Kita merayakan Minggu Prapaskah Kelima. Yesus juga berada dalam posisi berhadapan dengan kematian-Nya. Injil Minggu ini membantu kita merenung tentang hal itu. Ia dan murid-murid-Nya dalam perjalanan ke Yerusalem, menuju penyaliban dan kematian. “Sekarang jiwaku merasa getir.” (Yoh 12:27). Ada pergolakan yang amat mencekam di dalam hati-Nya. Dia sudah tahu, di Yerusalem, Dia akan disalibkan.

Penginjil Yohanes menempatkan pergulatan eksistensial Yesus ini sebelum Ia memasuki Yerusalem. Pengarang Injil lain menempatkannya ketika Yesus berada di taman Getsemani. “Hati-Ku sangat sedih. Seperti mau mati rasanya.” (Markus 14:34). Di hadapan kematian-Nya di Getsemani, Yesus mengalami pergulatan eksistensial yang menggetirkan. Dia sendirian. “Regu tembak” yaitu para algojo (yang merupakan orang yang tidak tahu apa yang dilakukan) akan mengakhiri hidup-Nya. Di balik “regu tembak” itu, ada hukum yang melegalkan pembunuhan-Nya, ada dosa yang melilit orang-orang yang memutuskannya, ada kekuatan si jahat yang merubungi hati manusia. Yesus tidak lari dari “cawan” yang harus diminum-Nya itu. Demikian juga Andrew Chan. Tidak ada pilihan lain baginya selain menghadapi dengan getir kematiannya.

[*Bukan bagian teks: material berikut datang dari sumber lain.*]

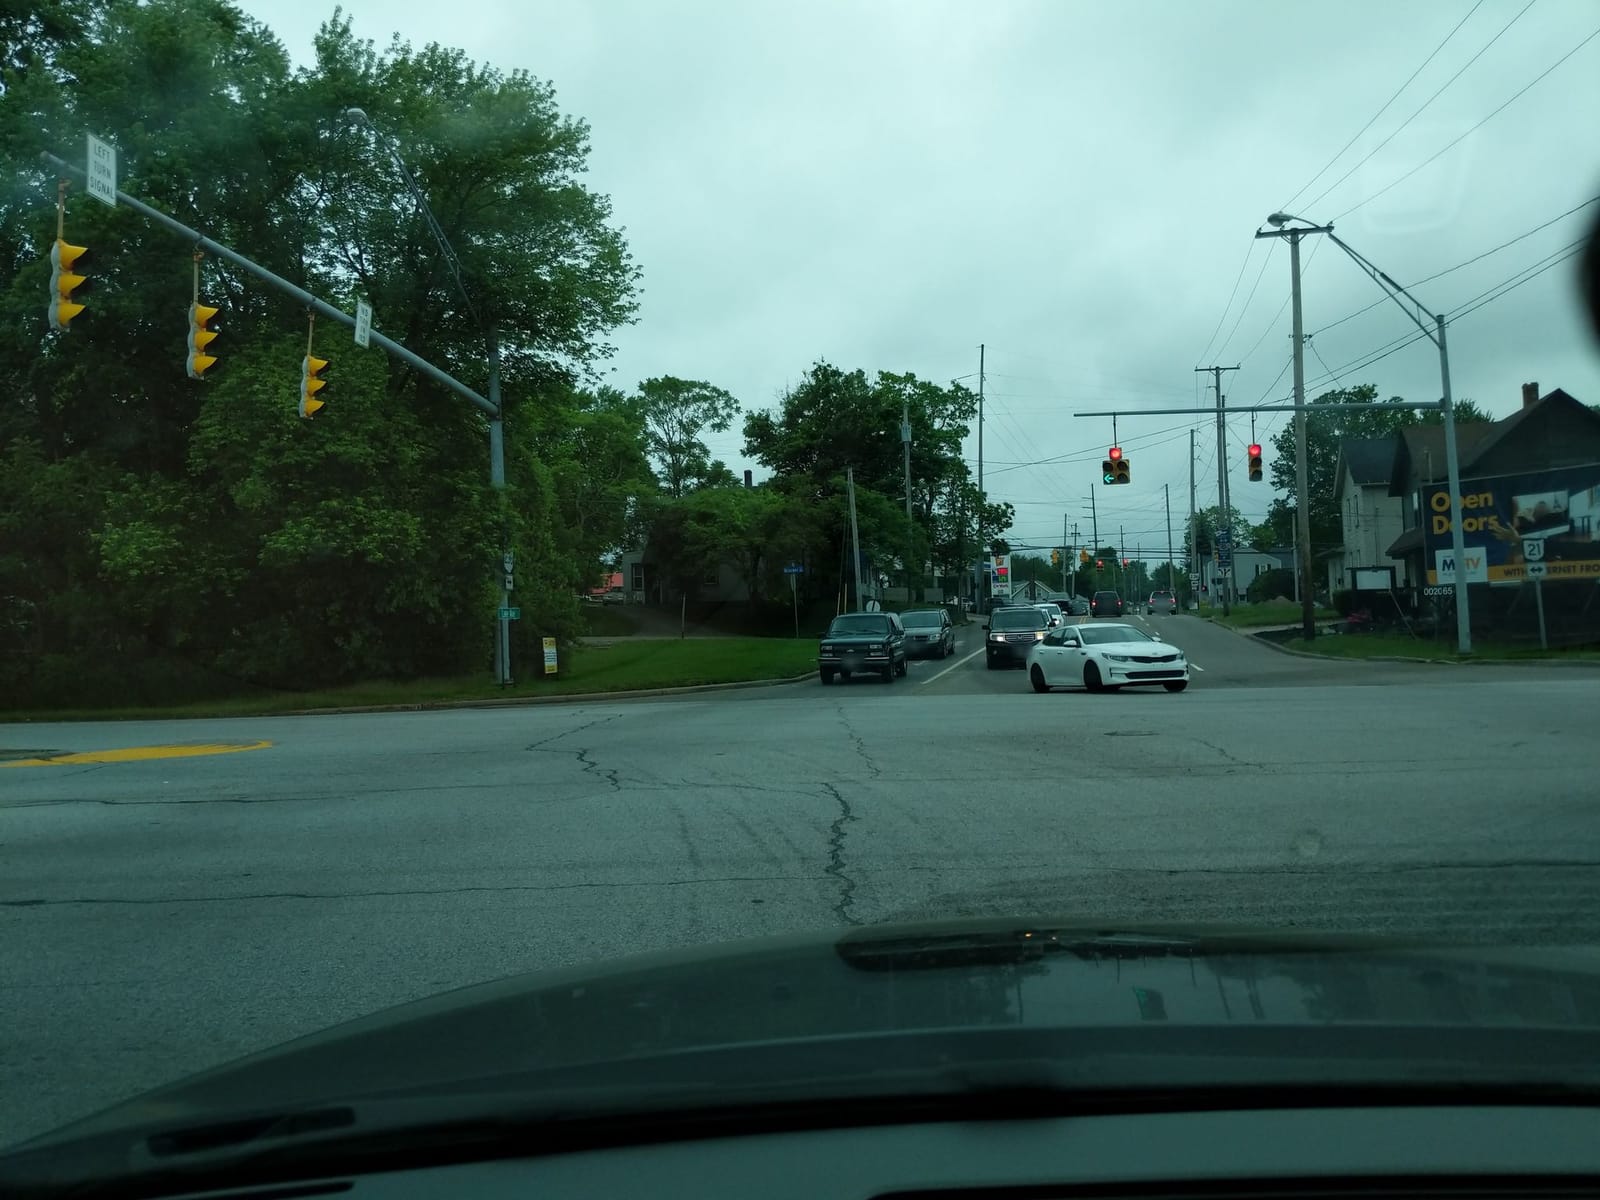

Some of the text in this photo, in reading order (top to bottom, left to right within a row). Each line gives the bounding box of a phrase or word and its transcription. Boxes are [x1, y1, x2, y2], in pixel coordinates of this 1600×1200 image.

[90, 176, 114, 199] SIGNAL
[1527, 543, 1542, 556] 21
[1442, 557, 1481, 571] MTV

Keidupan berasal dari Tuhan, maka hanya Dia pulalah yang berhak mengambil kehidupan setiap orang. Siapapun tidak berhak membunuh seseorang. Menghukum mati seseorang adalah tindakan dosa berat melawan Tuhan. Akan tetapi, manusia seringkali merasa dirinya lebih dari Tuhan, sehingga ia mengambil nyawa orang lain, sehingga mereka menciptakan hukum yang melegalkan pembunuhan. Manusia seringkali merasa diri lebih dari Tuhan, sehingga bom yang merenggut nyawa banyak orang terus-menerus terjadi. Kemarin lusa belasan orang mati oleh bom bunuh diri di Tunisia, kemarin seratus lebih mati karena bom bunuh diri di Sanaa, Yaman. Betapa jahat manusia itu!

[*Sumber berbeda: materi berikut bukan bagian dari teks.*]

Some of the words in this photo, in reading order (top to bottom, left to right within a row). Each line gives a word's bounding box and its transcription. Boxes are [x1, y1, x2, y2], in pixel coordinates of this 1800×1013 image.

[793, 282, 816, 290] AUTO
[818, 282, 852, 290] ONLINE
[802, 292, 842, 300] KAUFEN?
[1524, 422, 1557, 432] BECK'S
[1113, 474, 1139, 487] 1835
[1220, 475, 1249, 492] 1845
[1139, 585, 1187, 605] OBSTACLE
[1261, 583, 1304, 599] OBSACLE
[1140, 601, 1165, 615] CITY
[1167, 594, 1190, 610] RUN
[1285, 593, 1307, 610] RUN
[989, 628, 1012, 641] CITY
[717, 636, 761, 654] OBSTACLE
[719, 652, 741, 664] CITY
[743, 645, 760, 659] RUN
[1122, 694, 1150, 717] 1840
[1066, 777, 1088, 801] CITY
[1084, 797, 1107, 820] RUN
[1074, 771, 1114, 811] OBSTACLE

Penyaliban Yesus yang akan kita peringati pada Jumat Agung nanti, akan membongkar semua kejahatan manusia itu. Semoga Tuhan memberikan istirahat kekal (nantinya) kepada Andrew Chan, orang-orang yang mati seperti dia, dan juga semua orang yang mati karena dibom, diaborsi dan dibunuh dengan cara apapun.   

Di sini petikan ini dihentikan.